Tooling Considerations for Implementation

To operationalize this architecture:

Candidate Generation (LLM): Use a general-purpose model such as OpenAI GPT-4, Anthropic Claude, or Google Gemini to extract candidate stories from raw stakeholder inputs.
Distillation (SLM): Use a fine-tuned lightweight model (e.g., DistilBERT, LLaMA 2, or Mistral) or hybridize with heuristic scoring and vector similarity for context-aware resolution.
Integration: Connect with backlog tools such as Jira, Linear, or Azure DevOps via API to push validated stories, tags, and metadata directly into your planning system.
Feedback Loop: Incorporate delivery data, sprint retrospectives, and stakeholder feedback to fine-tune both LLM prompts and SLM scoring over time.

Conclusion

The CanDist framework formalizes a highly effective pattern for transforming unstructured input into structured, decision-ready artifacts. For product managers, it represents a path toward scalable, auditable, AI-assisted backlog generation—without sacrificing stakeholder nuance or delivery quality.

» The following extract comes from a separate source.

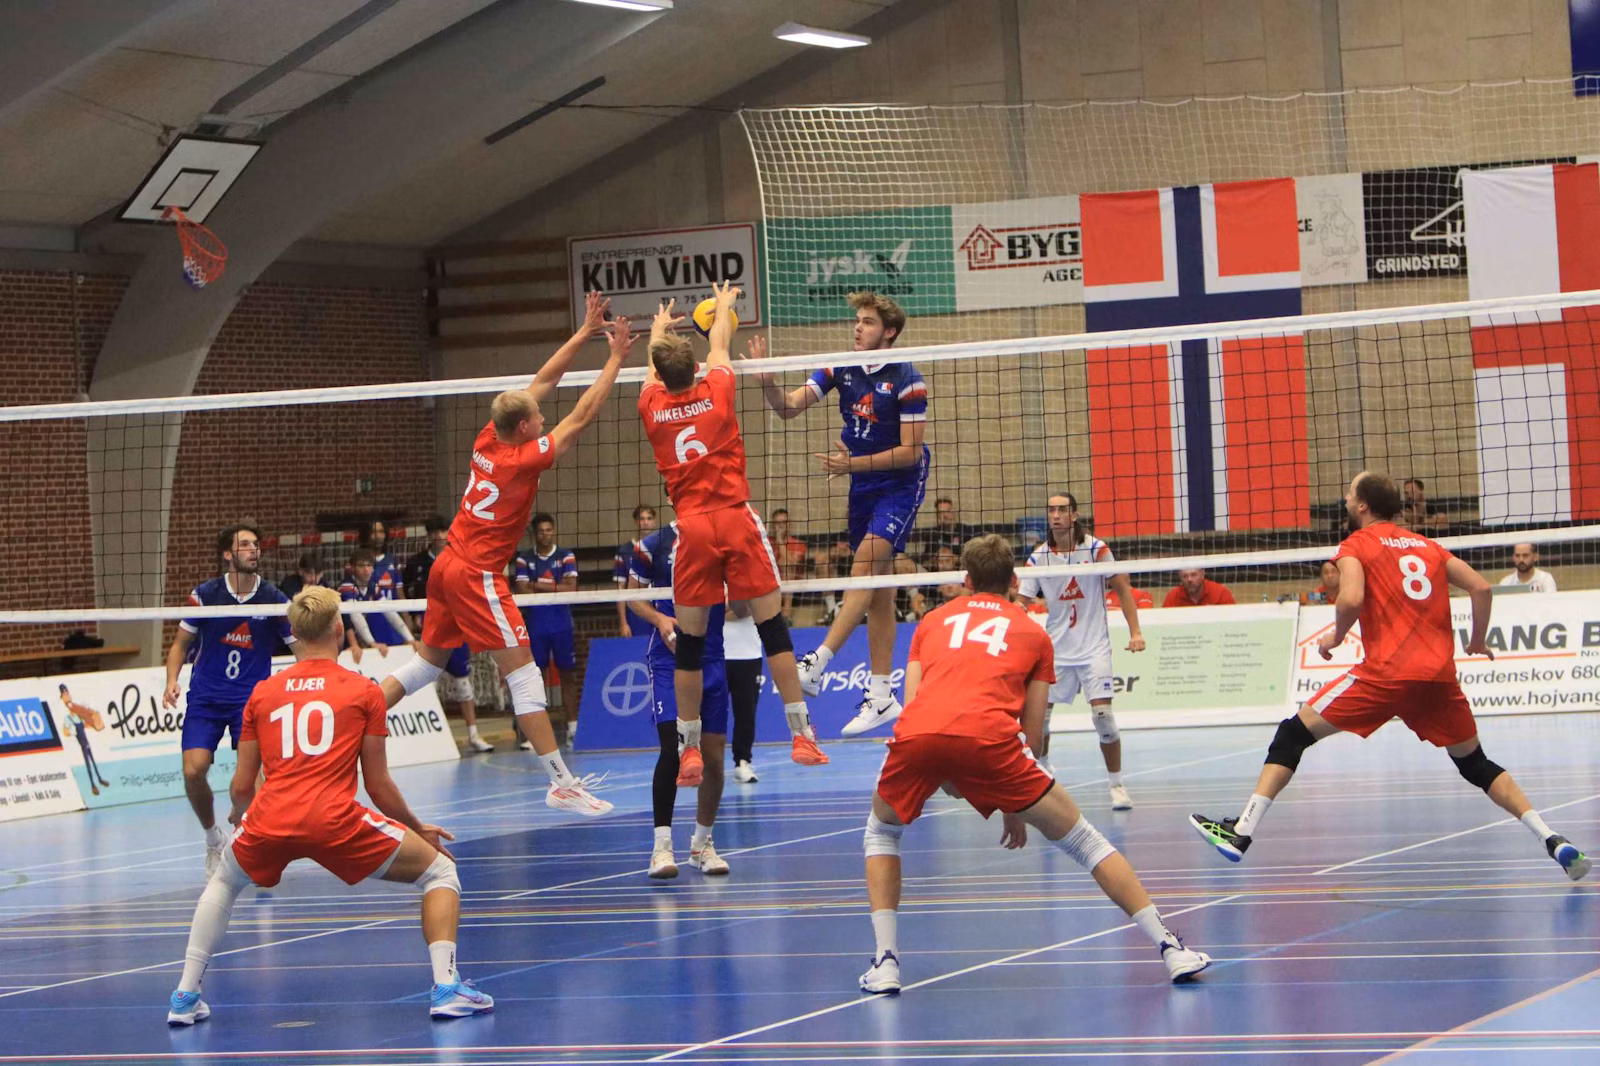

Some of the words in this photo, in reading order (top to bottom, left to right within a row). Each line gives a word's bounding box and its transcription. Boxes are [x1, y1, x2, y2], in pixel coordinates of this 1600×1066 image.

At Forte Group, this approach aligns directly with our Concerto framework for AI-augmented delivery, in which humans orchestrate and supervise multi-agent AI systems to deliver faster, more traceable outcomes. The CanDist model is not simply an annotation technique—it is a design pattern for enterprise-grade reasoning at scale.

In the age of LLMs, the backlog should no longer be the product of manual synthesis alone. It can—and should—be the result of structured orchestration between models and humans, working in concert.